Die Niederlande sind Deutschland beim Ausbruchsmanagement unseres Erachtens deutlich voraus. Nach einem Oxa-48-Ausbruch in einer Klinik in Rotterdam mit mehr als 20 Verdachts-Todesfällen haben die Niederlande eine "Kommission Wahrheitsfindung" eingesetzt, die in einem für jeden Niederländer nachlesbaren, öffentlichen Bericht die Frage der Vermeidbarkeit des Ausbruches, dessen Hergang und insbesondere die Verantwortlichkeiten ohne Rücksichtnahme auf die Leitung der Klinik aufgeklärt hat.

Einen solchen öffentlichen und vergleichbaren Bericht haben wir zu dem damaligen Ausbruch im Universitätsklinikum Leipzig bisher nicht gefunden. Stattdessen findet sich im Ärzteblatt der erwähnte Artikel eines Gastroenterologen der Uni Leipzig, der mit zwei weiteren Autoren die "Erkenntnis" der Notwendigkeit eines "übergreifenden Konzeptes" zur Ausbruchskontrolle offenbart und nach Beendigung eines 2 ½-jährigen Ausbruches mit mehr als 100 betroffenen Patienten von einer "erfolgreichen Eindämmung" spricht.

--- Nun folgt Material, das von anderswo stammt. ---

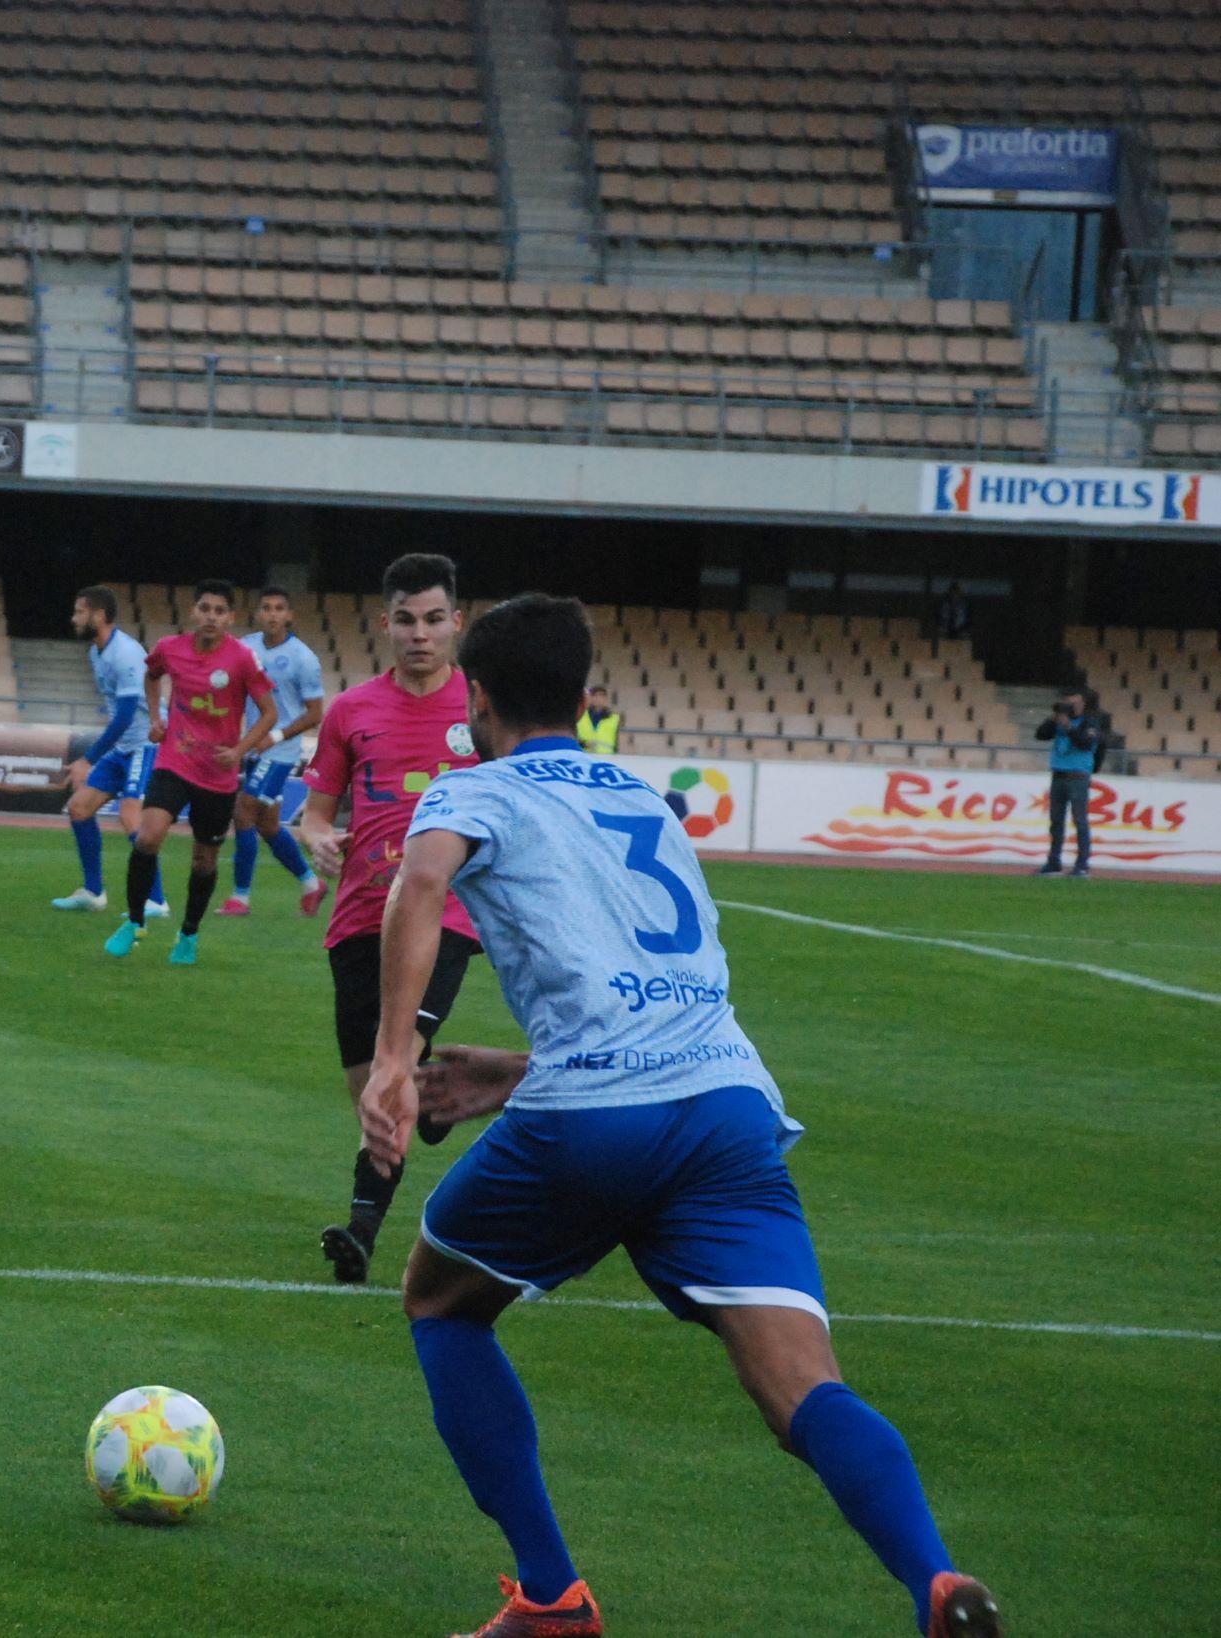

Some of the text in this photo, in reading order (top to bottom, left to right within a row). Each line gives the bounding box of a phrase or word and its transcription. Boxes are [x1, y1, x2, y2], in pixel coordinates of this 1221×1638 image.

Übergreifende Konzepte fordert das RKI nach Ausbrüchen seit Jahren. Wir fordern - generell nach Ausbrüchen in Kliniken - unabhängige Gutachten und Transparenz.

Das Ausbruchsmanagement deutscher Kliniken sollte nicht nur von der Öffentlichkeit und geschädigten Patienten genau beobachtet werden, sondern Deutschland braucht dringend flächendeckend effektive Kontrollmechanismen hinsichtlich des tatsächlichen Standards der Krankenhaushygiene in den Kliniken.
Wir fordern deshalb weiter die Ansiedlung der überragend wichtigen Aufgabe der Kontrolle der Klinikhygiene sowie der Bekämpfung von Ausbrüchen und der Überprüfung der Verantwortlichkeiten auf Bundesebene durch Schaffung einer fachlich, personell und finanziell gut ausgestatteten "task force Klinikhygiene".